## Available data
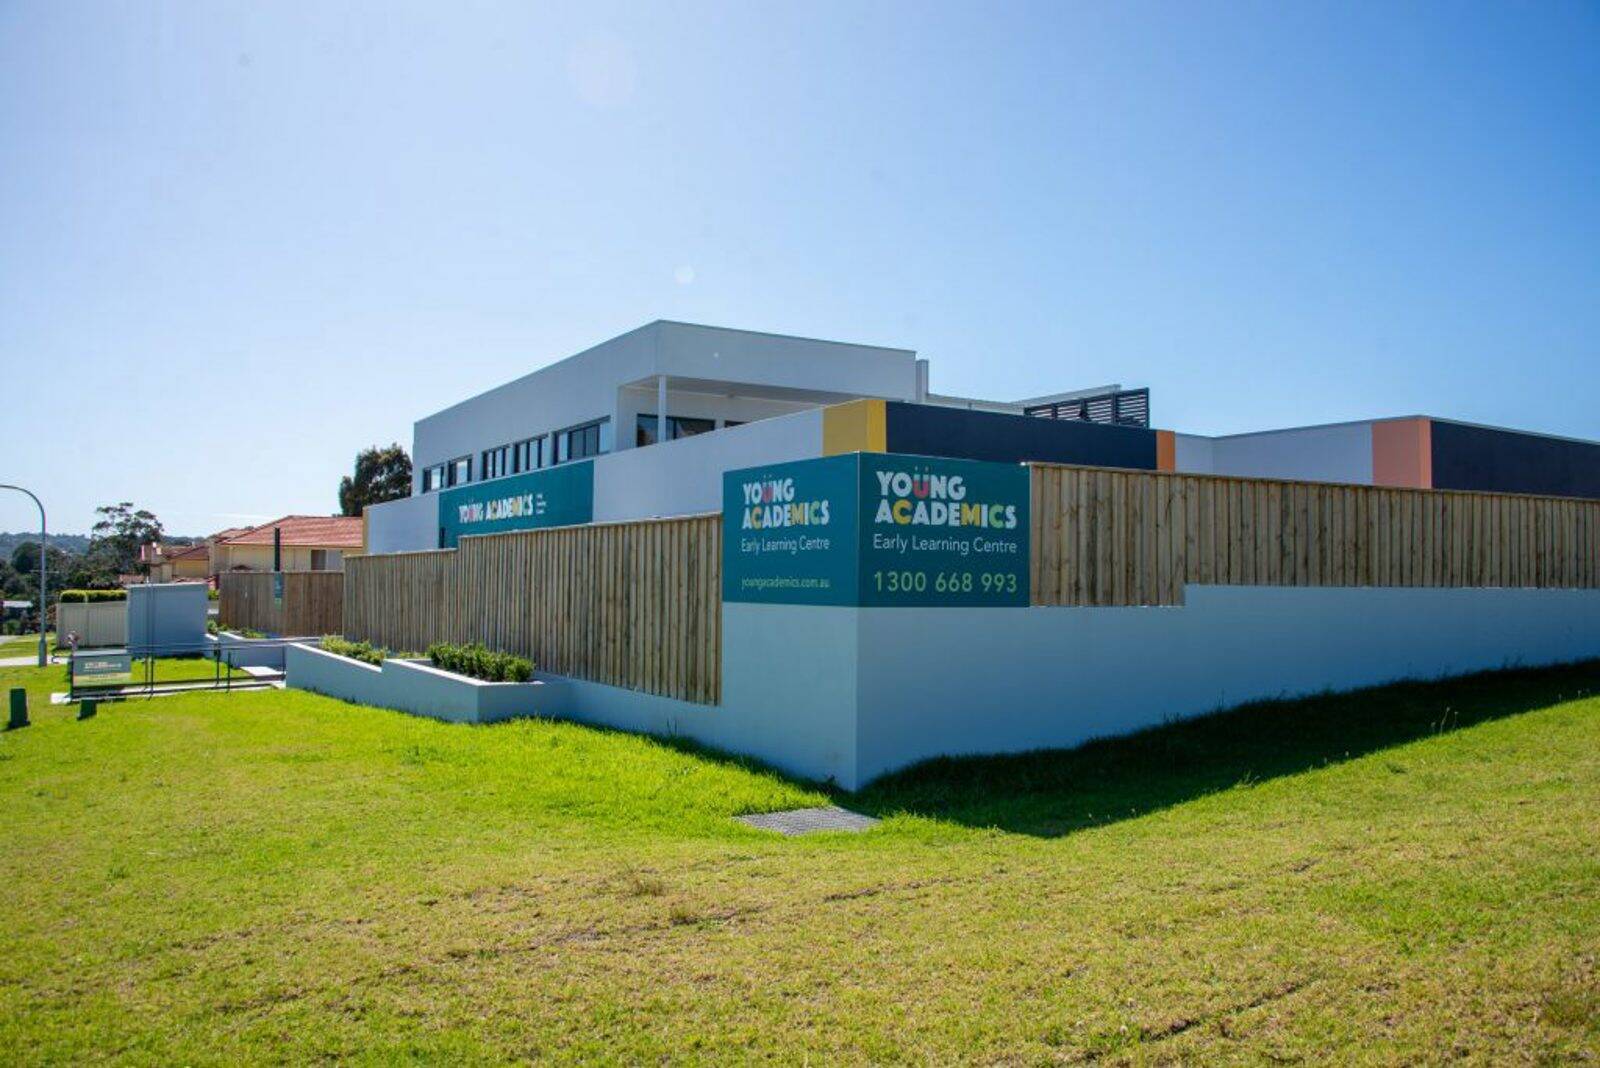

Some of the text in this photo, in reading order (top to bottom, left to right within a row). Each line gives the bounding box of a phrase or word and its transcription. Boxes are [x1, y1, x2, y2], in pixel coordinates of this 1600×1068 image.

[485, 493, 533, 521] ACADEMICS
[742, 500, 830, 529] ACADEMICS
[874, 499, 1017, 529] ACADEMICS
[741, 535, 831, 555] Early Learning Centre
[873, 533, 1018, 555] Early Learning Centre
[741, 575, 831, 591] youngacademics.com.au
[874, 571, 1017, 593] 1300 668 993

## What you should do
The required output is every line of the data above, set down exactly and stripped of pictures.

## Exercise solution
Some of the text in this photo, in reading order (top to bottom, left to right within a row). Each line gives the bounding box of a phrase or word and its transcription. Boxes are [x1, y1, x2, y2], in pixel coordinates of this 1600×1068 image.

[485, 493, 533, 521] ACADEMICS
[742, 500, 830, 529] ACADEMICS
[874, 499, 1017, 529] ACADEMICS
[741, 535, 831, 555] Early Learning Centre
[873, 533, 1018, 555] Early Learning Centre
[741, 575, 831, 591] youngacademics.com.au
[874, 571, 1017, 593] 1300 668 993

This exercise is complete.